- _ASSIGNMENT_
Leave out the images and repeat every entry below exactly.

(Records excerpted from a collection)
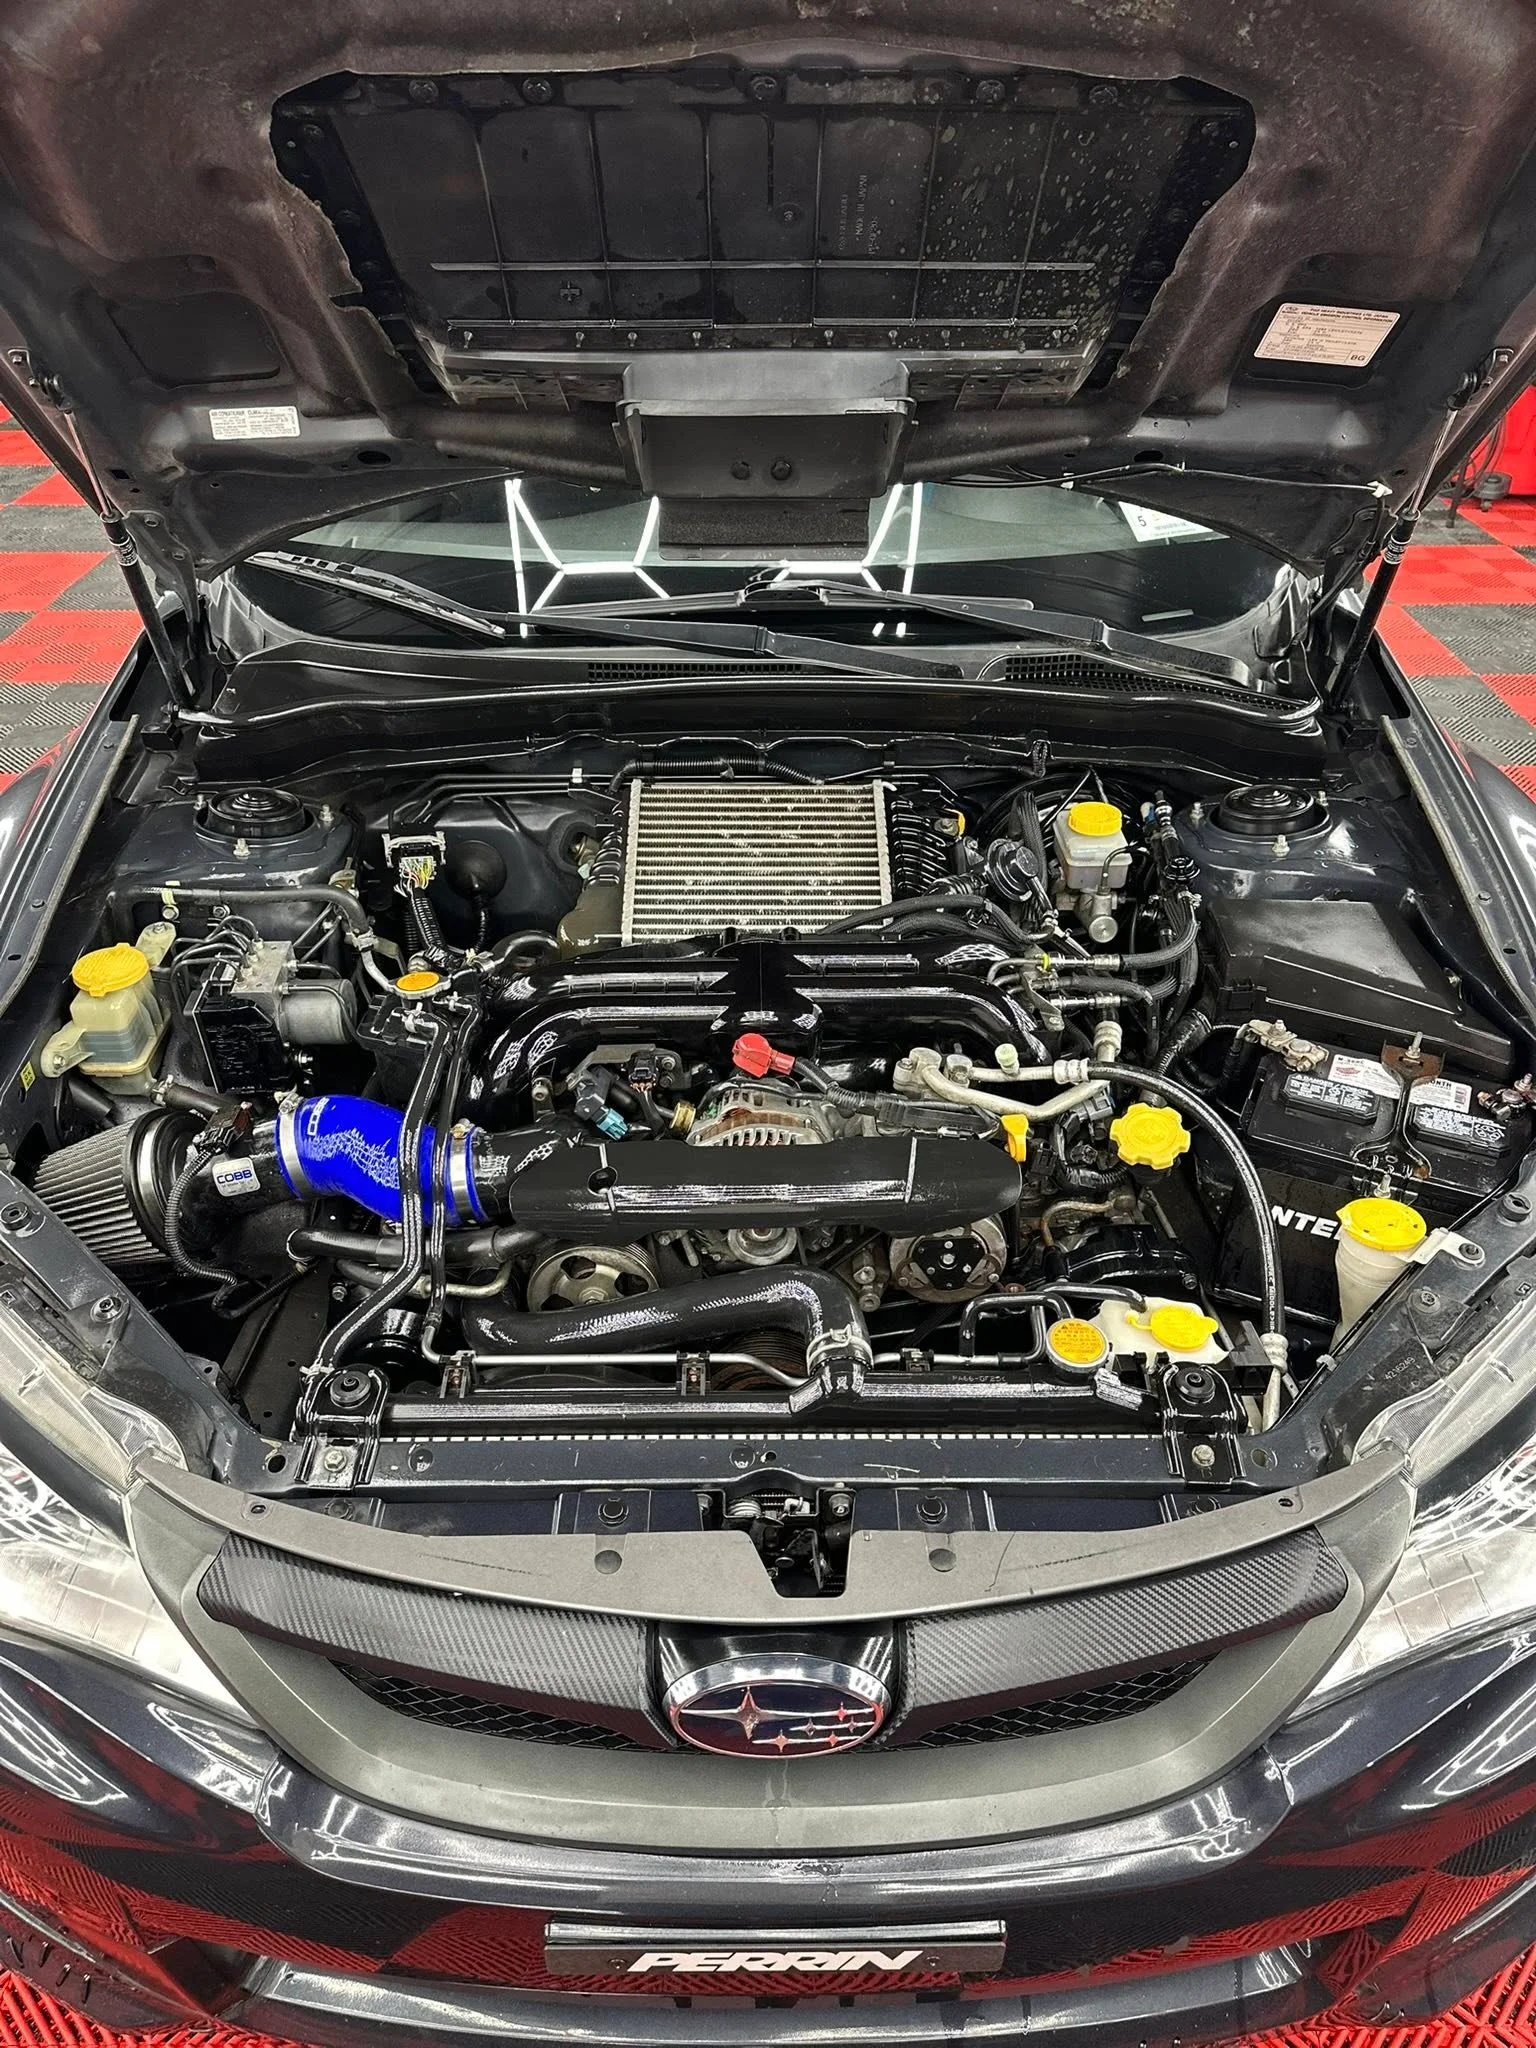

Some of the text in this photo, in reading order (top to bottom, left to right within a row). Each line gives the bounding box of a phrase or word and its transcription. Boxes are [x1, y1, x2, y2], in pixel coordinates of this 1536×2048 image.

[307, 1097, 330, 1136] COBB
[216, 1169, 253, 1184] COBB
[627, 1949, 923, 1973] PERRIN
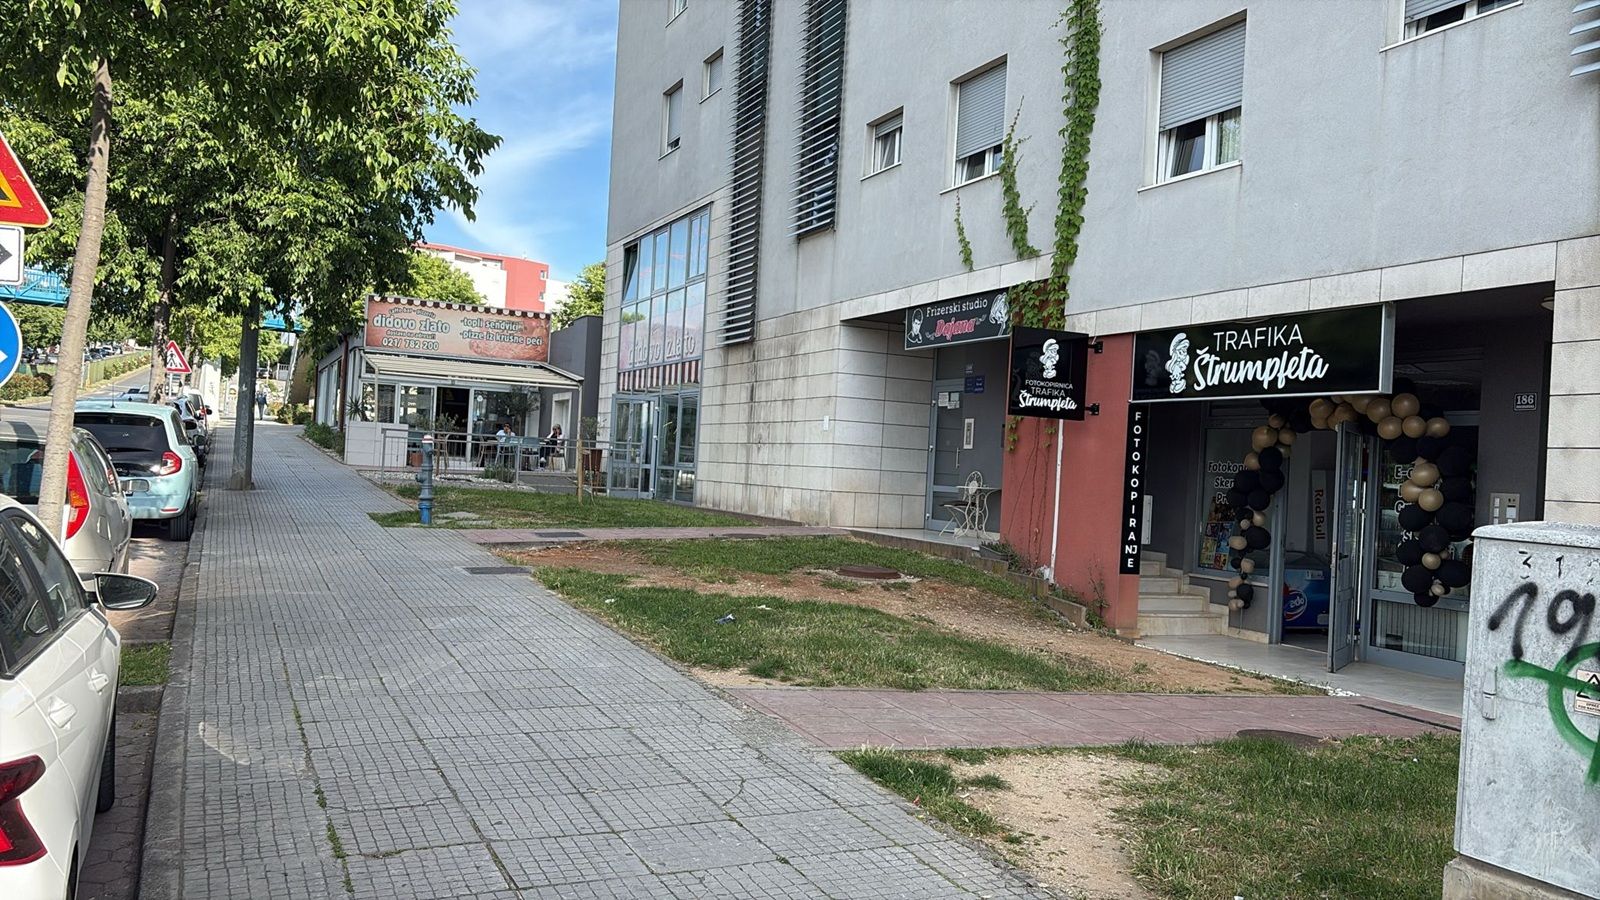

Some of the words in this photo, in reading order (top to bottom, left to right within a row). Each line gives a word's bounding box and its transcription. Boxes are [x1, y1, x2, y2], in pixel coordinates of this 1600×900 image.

- _OUTPUT BELOW_
Some of the text in this photo, in reading order (top to bottom, left to right within a row). Each line gives the bounding box of a phrase or word and its transcription. Boxes are [x1, y1, x2, y2], in pixel coordinates of this 1536×2048 image.

[307, 1097, 330, 1136] COBB
[216, 1169, 253, 1184] COBB
[627, 1949, 923, 1973] PERRIN

Some of the words in this photo, in reading order (top to bottom, left to right within a row). Each line gives a word's bounding box and its transcription. Boxes are [x1, y1, x2, y2], in pixel coordinates of this 1600×900 image.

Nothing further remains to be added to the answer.